> [Exercise directions]:
Where a picture appears, skip it and copy everything else in the listing exactly.

═══ Data for the task ═══

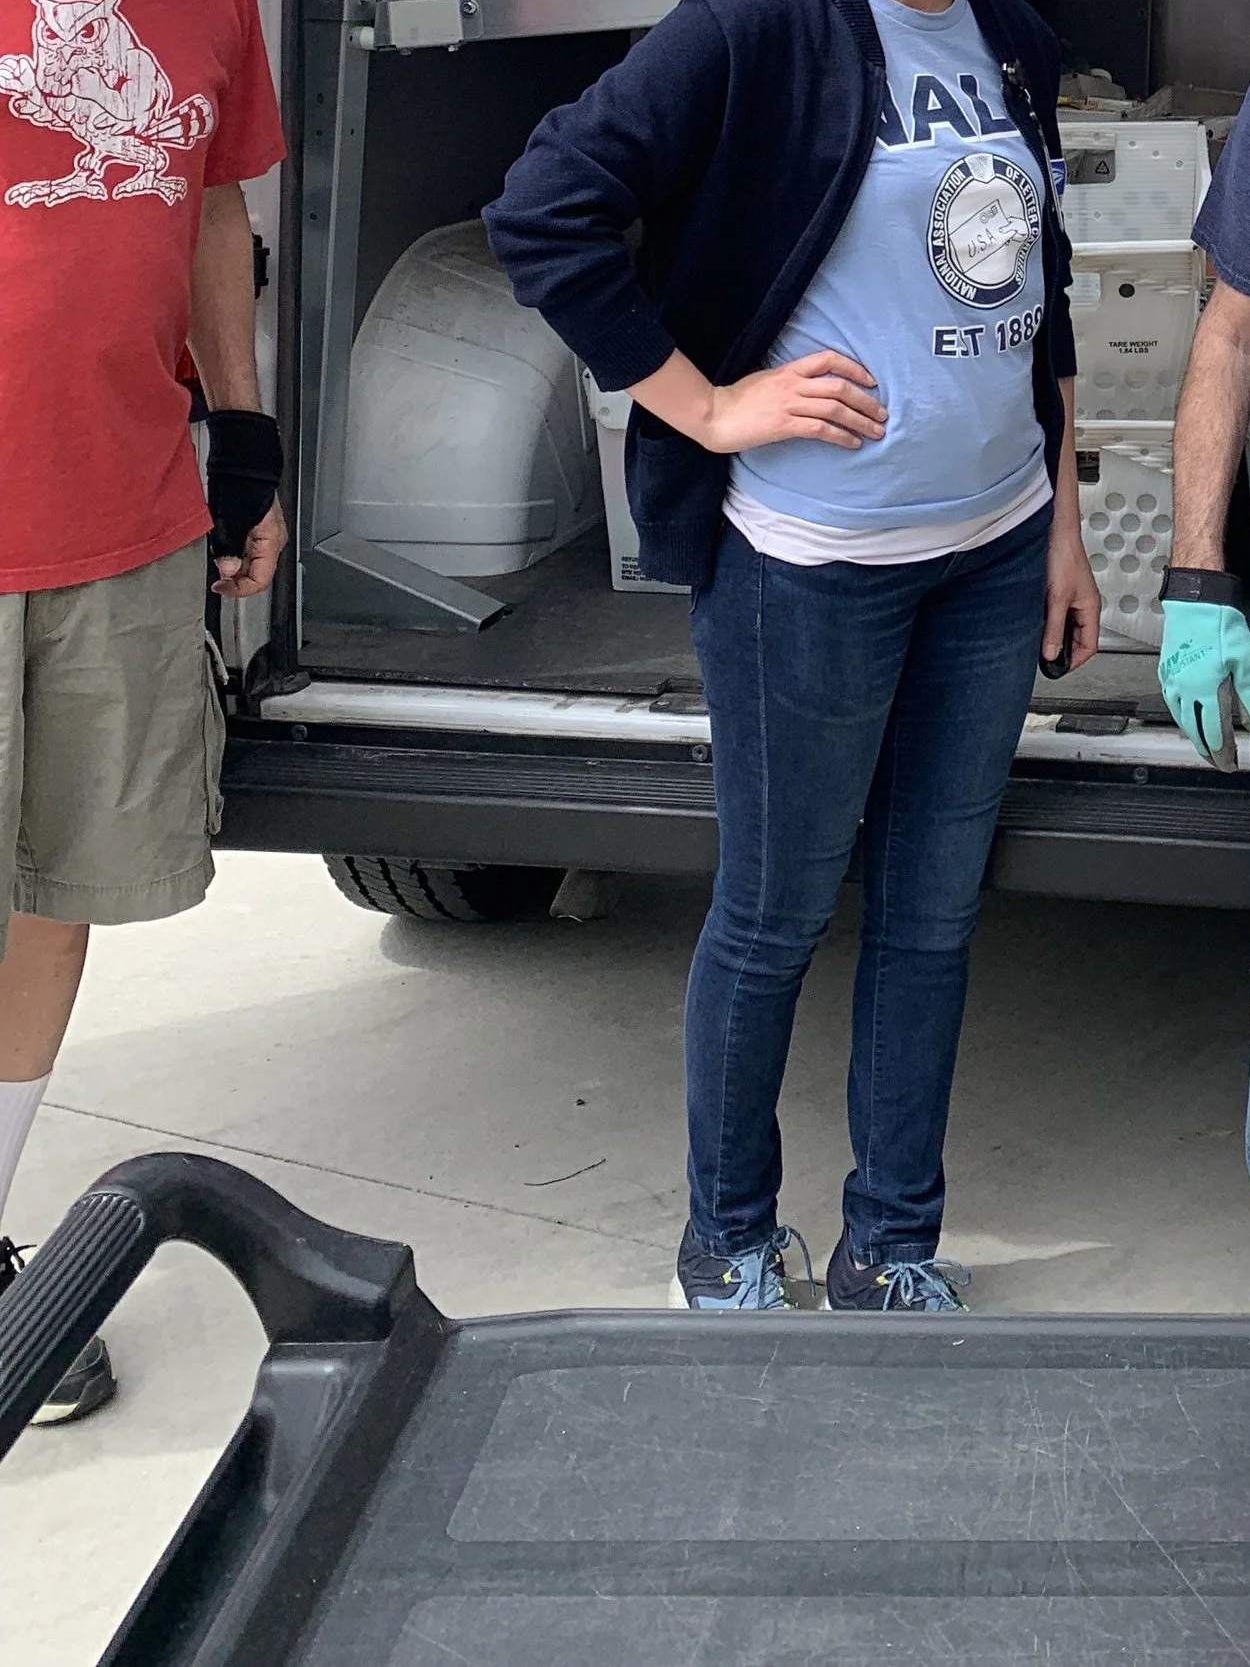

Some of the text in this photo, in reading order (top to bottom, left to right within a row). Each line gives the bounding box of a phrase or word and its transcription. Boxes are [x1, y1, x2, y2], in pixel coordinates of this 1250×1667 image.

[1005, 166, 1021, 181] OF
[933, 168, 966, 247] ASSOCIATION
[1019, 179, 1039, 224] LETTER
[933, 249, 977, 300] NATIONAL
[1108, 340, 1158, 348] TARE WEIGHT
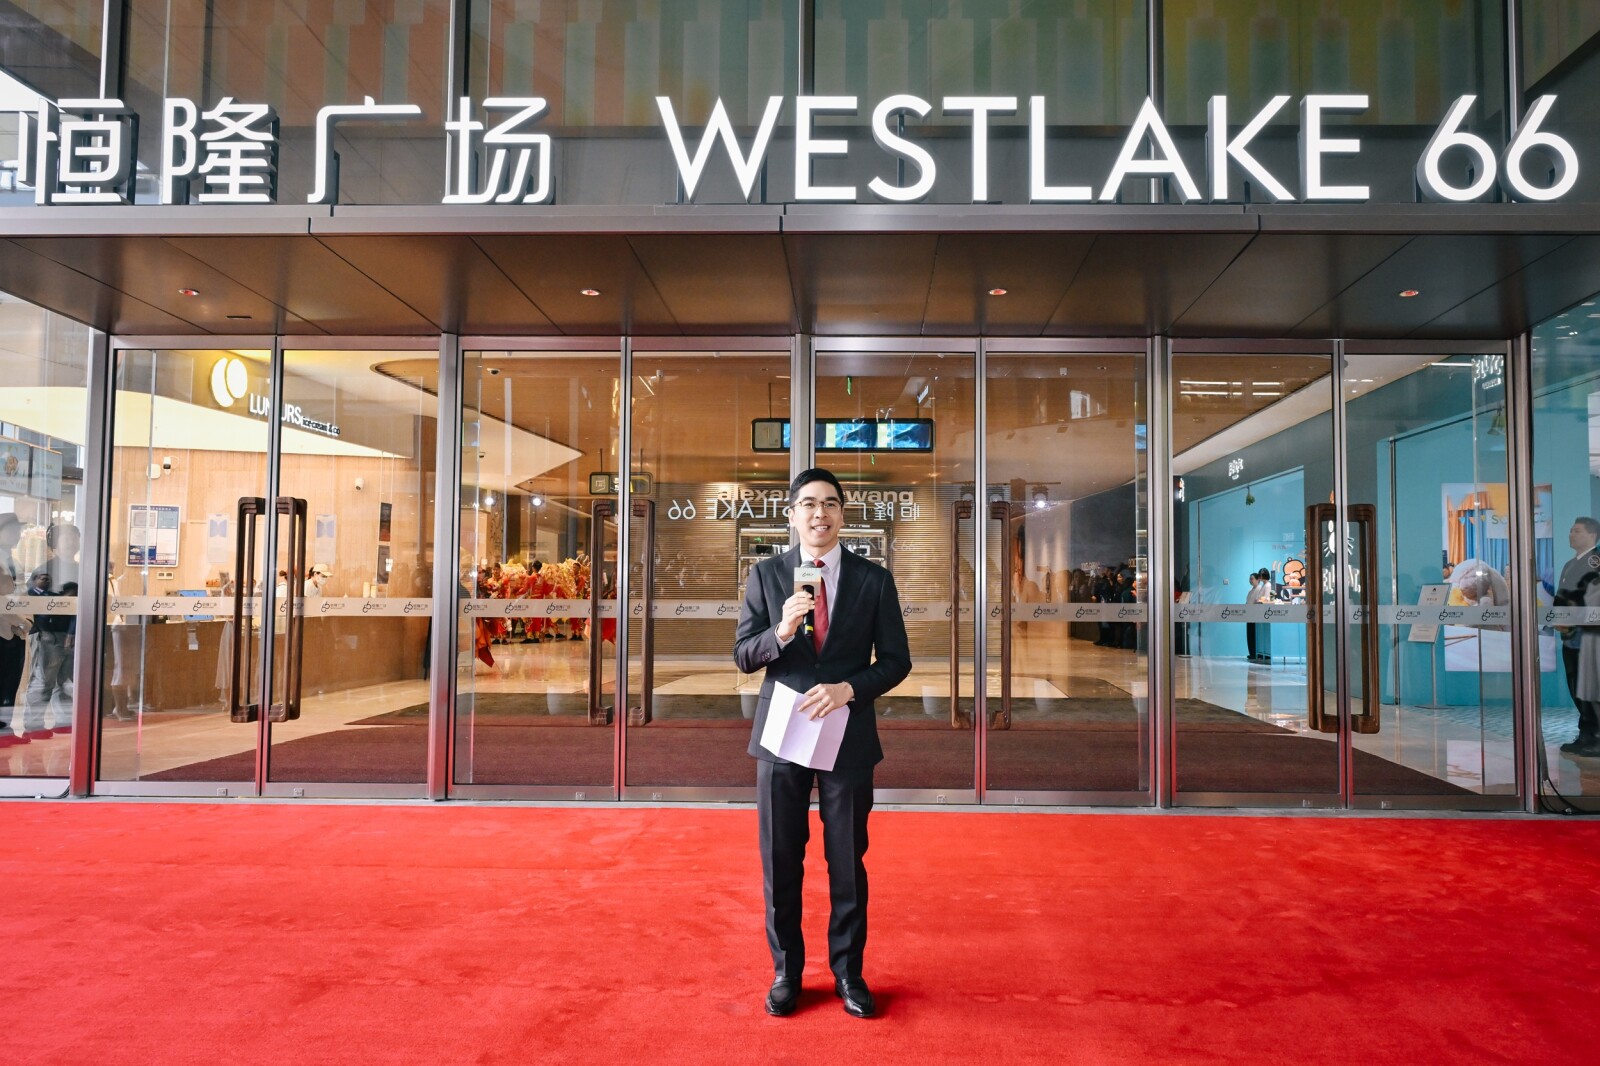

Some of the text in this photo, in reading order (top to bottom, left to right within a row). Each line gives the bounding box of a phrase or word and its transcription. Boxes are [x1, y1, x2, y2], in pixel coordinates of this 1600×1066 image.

═══

> [Exercise answer]:
Some of the text in this photo, in reading order (top to bottom, left to right within a row). Each line gives the bounding box of a phrase or word and its transcription. Boxes are [x1, y1, x2, y2], in pixel coordinates of this 1250×1667 image.

[1005, 166, 1021, 181] OF
[933, 168, 966, 247] ASSOCIATION
[1019, 179, 1039, 224] LETTER
[933, 249, 977, 300] NATIONAL
[1108, 340, 1158, 348] TARE WEIGHT

Some of the text in this photo, in reading order (top to bottom, left to right within a row). Each line gives the bounding box of a phrase or word and its transcription. Boxes are [x1, y1, x2, y2], in pixel coordinates of this 1600×1066 image.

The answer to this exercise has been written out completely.